Abstract 3031: Interleukin-11 Attenuates Infarct Size and Improves Ventricular Function in a Canine Heart Model of Ischemia/Reperfusion Injury
Background; Interleukin (IL)-11 is a member of IL-6 cytokine family that is clinically used in hematopoietic disorder. We have previously reported the preconditioning effects of IL-11 against ischemia/reperfusion (I/R) injury through STAT3-mediated antiapoptotic pathway in murine hearts. In order to address the possibility that IL-11 treatment can be a realistic strategy against acute myocardial infarction (AMI), we examined the postconditioning effects of IL-11 in a canine myocardial I/R model.

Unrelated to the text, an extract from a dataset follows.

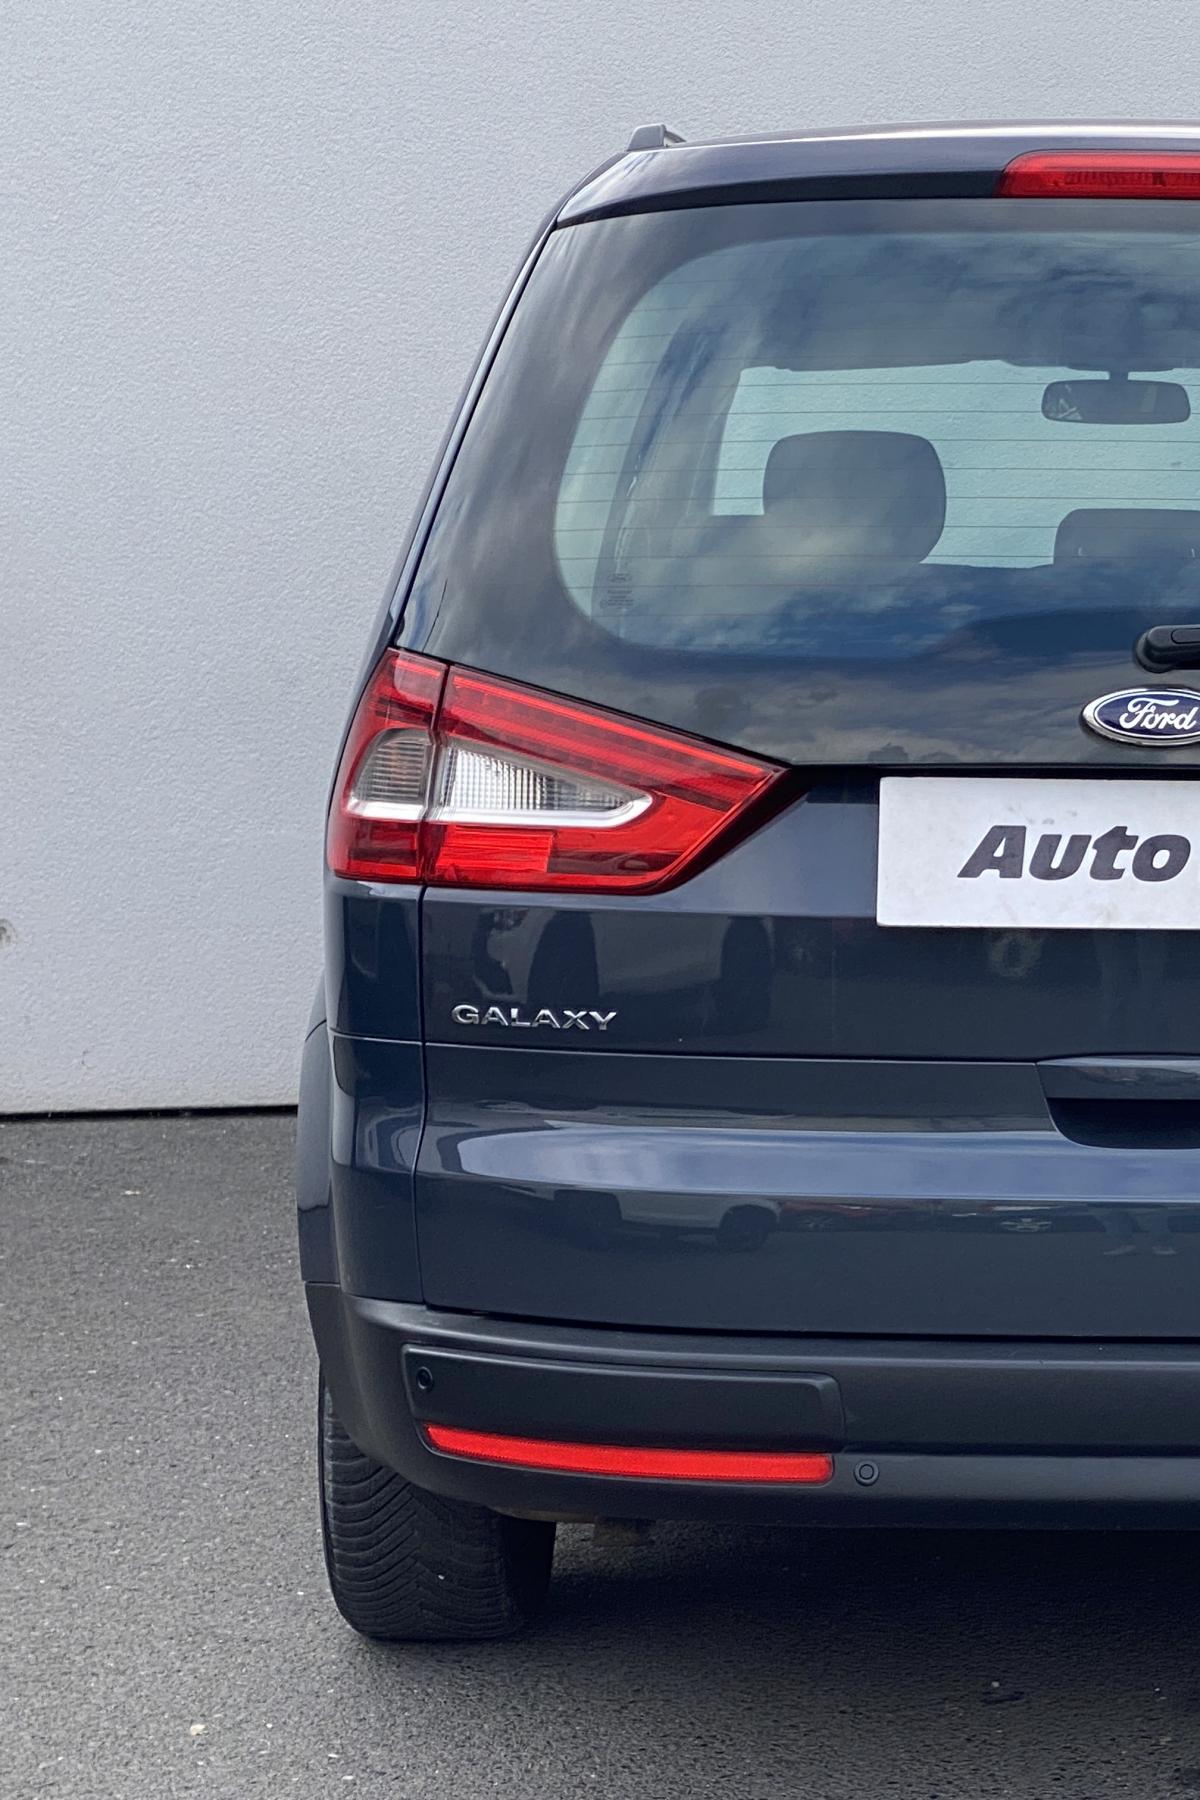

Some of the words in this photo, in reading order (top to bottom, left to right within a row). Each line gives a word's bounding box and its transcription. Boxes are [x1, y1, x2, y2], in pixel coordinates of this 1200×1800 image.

[1119, 697, 1199, 730] Ford
[957, 825, 1191, 882] Auto
[451, 1004, 617, 1030] GALAXY

Method; In open-chest dogs, the left anterior descending artery was occluded for 90 minutes followed by 24 hours of reperfusion with a single intravenous administration of either saline (control, n=8) or IL-11 (8ug/kg, n=8) into the left atrium just before reperfusion. Evans blue/TTC staining identified the area at risk and infarction. Hemodynamic, global and regional left ventricular functional measurements were also compared between two groups.

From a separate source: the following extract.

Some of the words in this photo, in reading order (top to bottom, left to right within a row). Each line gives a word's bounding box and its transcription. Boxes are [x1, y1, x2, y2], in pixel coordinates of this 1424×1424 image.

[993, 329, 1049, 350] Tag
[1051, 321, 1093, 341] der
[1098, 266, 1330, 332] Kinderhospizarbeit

Results; IL-11 significantly reduced infarct size (21 +/− 11% IL-11 vs. 37 +/− 5.1% control, p=0.02), which was confirmed by lower plasma creatine kinase-MB activity after 2 hours of reperfusion, while there were no differences in the area at risk (39+/−3.5% IL-11 vs. 35+/−6.1% control, p=0.6). Echocardiographic examination revealed that IL-11 administration prevented left ventricular dysfunction at the 24 hours after reperfusion (ejection fraction; 62+/−4.3% IL-11 vs. 50+/−10% control, p=0.02). Furthermore, regional thickening fraction in the ischemic area, which had deteriorated after coronary ligation, showed significant improvement in IL-11 group compared with control group (3.3+/−1.2% vs. −1.8+/−0.7%, p<0.05). Immunohistochemical examination by TUNEL staining revealed that IL-11 significantly reduced apoptotic cell in the ischemic myocardium (15.9+/−3.8% IL-11 vs. 35+/−8.3% control, p<0.001). Increased expression of Bcl-2 was also noted in ischemic area.
Conclusion; IL-11 administered just before reperfusion reduced infarct size and improved global and regional left ventricular function in a canine heart model through the inhibition of myocardial apoptosis in the risk area. IL-11 has significant potential as a novel cytokine therapy to preserve the myocardium against AMI.